Не торопить мгновение, без суеты, тревог и ревущей-печали.

Спокойно ждать, словно моря-прилив-сил,

И все исполнится, что бы ты ни просил,

И всё напишется на судьбе — скрижали,

Осталось только вверить себя небесам.

Я знаю, знаю… Но так просыпаться без тебя тяжело,

Не слышать родное дыхание, не говорить молчаливым взглядом,

Вставать-по будильнику. Вовсе не от поцелуев.

Когда ты со мной, любимый, то каждый миг — неописуем,

А мир замирает вокруг, когда ты рядом,

И мимо — спицывставляющее зло.

«Надо же… Как Любовь наполняет Жизнью секунду каждую…»

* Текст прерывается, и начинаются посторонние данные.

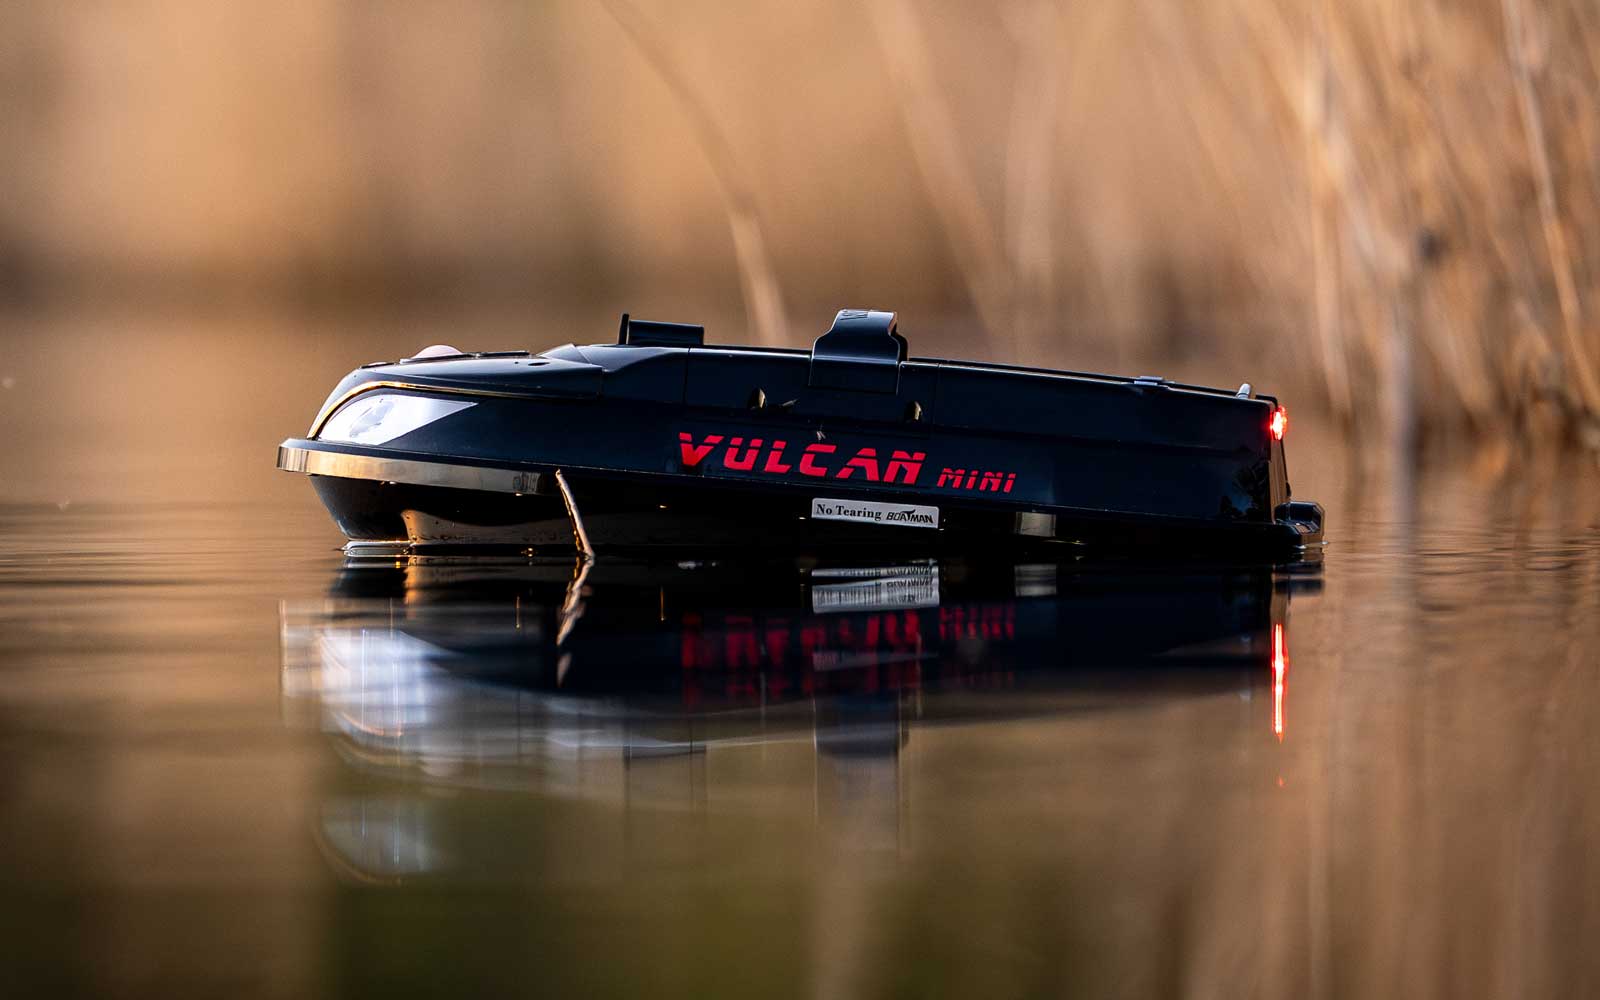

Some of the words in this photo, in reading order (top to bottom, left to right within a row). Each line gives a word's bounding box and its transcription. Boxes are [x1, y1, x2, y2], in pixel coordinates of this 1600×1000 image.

[679, 432, 926, 484] VULCAN
[937, 466, 1016, 493] MINI
[816, 503, 832, 515] No
[836, 505, 883, 521] Tearing
[886, 509, 934, 524] BOATMAN

Надо же… Как Любовь наполняет Жизнью секунду каждую,

Как отсеивает всё бегущее и неважное,

И выстраивает уютное счастье личное, многоэтажное.

Надо же…

Надо же… Сколько искренних чувств взаперти доныне сидело,

Сколько мечт-желаний — в зрительном зале несмело…

А теперь — полной грудью, взаимно-теплым взглядом и как никогда цЕло.

Надо же…

Надо же… А казалось — мира-богатства нужны, успех, слава, карьера…

И карманы тугонабитые. Вечнопраздничная атмосфера…

А богатство — оно в любви. Это истины главная мера.

«Сколько дорог истоптано…»

Сколько дорог истоптано,

Сколько вымощено тропинок на улицы «нектебе»,

Сколько мелодий мимо нот и мимо судьбы невпопад сказанные слова…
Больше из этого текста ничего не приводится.